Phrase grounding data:
<<<<
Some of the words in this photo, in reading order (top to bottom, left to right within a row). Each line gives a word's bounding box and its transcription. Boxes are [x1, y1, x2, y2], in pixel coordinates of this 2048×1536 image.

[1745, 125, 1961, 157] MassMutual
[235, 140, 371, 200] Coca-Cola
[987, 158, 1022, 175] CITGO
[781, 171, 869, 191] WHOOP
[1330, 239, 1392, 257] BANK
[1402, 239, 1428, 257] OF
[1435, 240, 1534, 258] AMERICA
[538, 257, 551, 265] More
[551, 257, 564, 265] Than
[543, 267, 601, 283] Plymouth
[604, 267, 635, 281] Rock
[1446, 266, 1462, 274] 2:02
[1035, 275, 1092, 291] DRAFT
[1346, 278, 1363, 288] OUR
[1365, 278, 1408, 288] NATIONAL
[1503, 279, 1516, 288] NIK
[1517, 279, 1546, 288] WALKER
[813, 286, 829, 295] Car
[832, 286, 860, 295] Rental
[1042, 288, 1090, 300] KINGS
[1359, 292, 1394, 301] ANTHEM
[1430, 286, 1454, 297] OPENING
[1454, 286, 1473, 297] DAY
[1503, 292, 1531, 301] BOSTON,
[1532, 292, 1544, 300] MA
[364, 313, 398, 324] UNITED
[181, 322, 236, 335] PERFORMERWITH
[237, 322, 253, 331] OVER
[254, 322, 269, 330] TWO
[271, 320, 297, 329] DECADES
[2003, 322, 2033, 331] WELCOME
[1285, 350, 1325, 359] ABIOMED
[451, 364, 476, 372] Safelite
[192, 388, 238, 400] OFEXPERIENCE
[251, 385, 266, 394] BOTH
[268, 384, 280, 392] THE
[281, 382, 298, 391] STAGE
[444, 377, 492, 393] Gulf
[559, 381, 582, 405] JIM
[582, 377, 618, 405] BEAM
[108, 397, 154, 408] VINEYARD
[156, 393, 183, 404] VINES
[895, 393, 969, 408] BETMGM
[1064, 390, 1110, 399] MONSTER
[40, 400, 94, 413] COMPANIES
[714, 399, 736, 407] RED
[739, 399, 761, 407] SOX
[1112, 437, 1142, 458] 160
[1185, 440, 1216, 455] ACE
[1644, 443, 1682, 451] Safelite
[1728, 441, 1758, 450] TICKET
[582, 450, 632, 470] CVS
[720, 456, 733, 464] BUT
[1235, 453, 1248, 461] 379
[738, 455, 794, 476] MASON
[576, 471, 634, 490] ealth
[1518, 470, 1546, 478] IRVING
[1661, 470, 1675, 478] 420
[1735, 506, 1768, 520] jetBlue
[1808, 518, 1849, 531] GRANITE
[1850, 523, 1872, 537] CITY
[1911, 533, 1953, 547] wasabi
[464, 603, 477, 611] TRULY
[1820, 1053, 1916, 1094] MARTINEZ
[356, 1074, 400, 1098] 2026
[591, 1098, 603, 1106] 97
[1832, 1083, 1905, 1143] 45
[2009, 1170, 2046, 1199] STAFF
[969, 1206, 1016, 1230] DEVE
>>>>
* Action item: When answering, write out each of the lines above exactly as given.

* Exercise result:
Some of the words in this photo, in reading order (top to bottom, left to right within a row). Each line gives a word's bounding box and its transcription. Boxes are [x1, y1, x2, y2], in pixel coordinates of this 2048×1536 image.

[1745, 125, 1961, 157] MassMutual
[235, 140, 371, 200] Coca-Cola
[987, 158, 1022, 175] CITGO
[781, 171, 869, 191] WHOOP
[1330, 239, 1392, 257] BANK
[1402, 239, 1428, 257] OF
[1435, 240, 1534, 258] AMERICA
[538, 257, 551, 265] More
[551, 257, 564, 265] Than
[543, 267, 601, 283] Plymouth
[604, 267, 635, 281] Rock
[1446, 266, 1462, 274] 2:02
[1035, 275, 1092, 291] DRAFT
[1346, 278, 1363, 288] OUR
[1365, 278, 1408, 288] NATIONAL
[1503, 279, 1516, 288] NIK
[1517, 279, 1546, 288] WALKER
[813, 286, 829, 295] Car
[832, 286, 860, 295] Rental
[1042, 288, 1090, 300] KINGS
[1359, 292, 1394, 301] ANTHEM
[1430, 286, 1454, 297] OPENING
[1454, 286, 1473, 297] DAY
[1503, 292, 1531, 301] BOSTON,
[1532, 292, 1544, 300] MA
[364, 313, 398, 324] UNITED
[181, 322, 236, 335] PERFORMERWITH
[237, 322, 253, 331] OVER
[254, 322, 269, 330] TWO
[271, 320, 297, 329] DECADES
[2003, 322, 2033, 331] WELCOME
[1285, 350, 1325, 359] ABIOMED
[451, 364, 476, 372] Safelite
[192, 388, 238, 400] OFEXPERIENCE
[251, 385, 266, 394] BOTH
[268, 384, 280, 392] THE
[281, 382, 298, 391] STAGE
[444, 377, 492, 393] Gulf
[559, 381, 582, 405] JIM
[582, 377, 618, 405] BEAM
[108, 397, 154, 408] VINEYARD
[156, 393, 183, 404] VINES
[895, 393, 969, 408] BETMGM
[1064, 390, 1110, 399] MONSTER
[40, 400, 94, 413] COMPANIES
[714, 399, 736, 407] RED
[739, 399, 761, 407] SOX
[1112, 437, 1142, 458] 160
[1185, 440, 1216, 455] ACE
[1644, 443, 1682, 451] Safelite
[1728, 441, 1758, 450] TICKET
[582, 450, 632, 470] CVS
[720, 456, 733, 464] BUT
[1235, 453, 1248, 461] 379
[738, 455, 794, 476] MASON
[576, 471, 634, 490] ealth
[1518, 470, 1546, 478] IRVING
[1661, 470, 1675, 478] 420
[1735, 506, 1768, 520] jetBlue
[1808, 518, 1849, 531] GRANITE
[1850, 523, 1872, 537] CITY
[1911, 533, 1953, 547] wasabi
[464, 603, 477, 611] TRULY
[1820, 1053, 1916, 1094] MARTINEZ
[356, 1074, 400, 1098] 2026
[591, 1098, 603, 1106] 97
[1832, 1083, 1905, 1143] 45
[2009, 1170, 2046, 1199] STAFF
[969, 1206, 1016, 1230] DEVE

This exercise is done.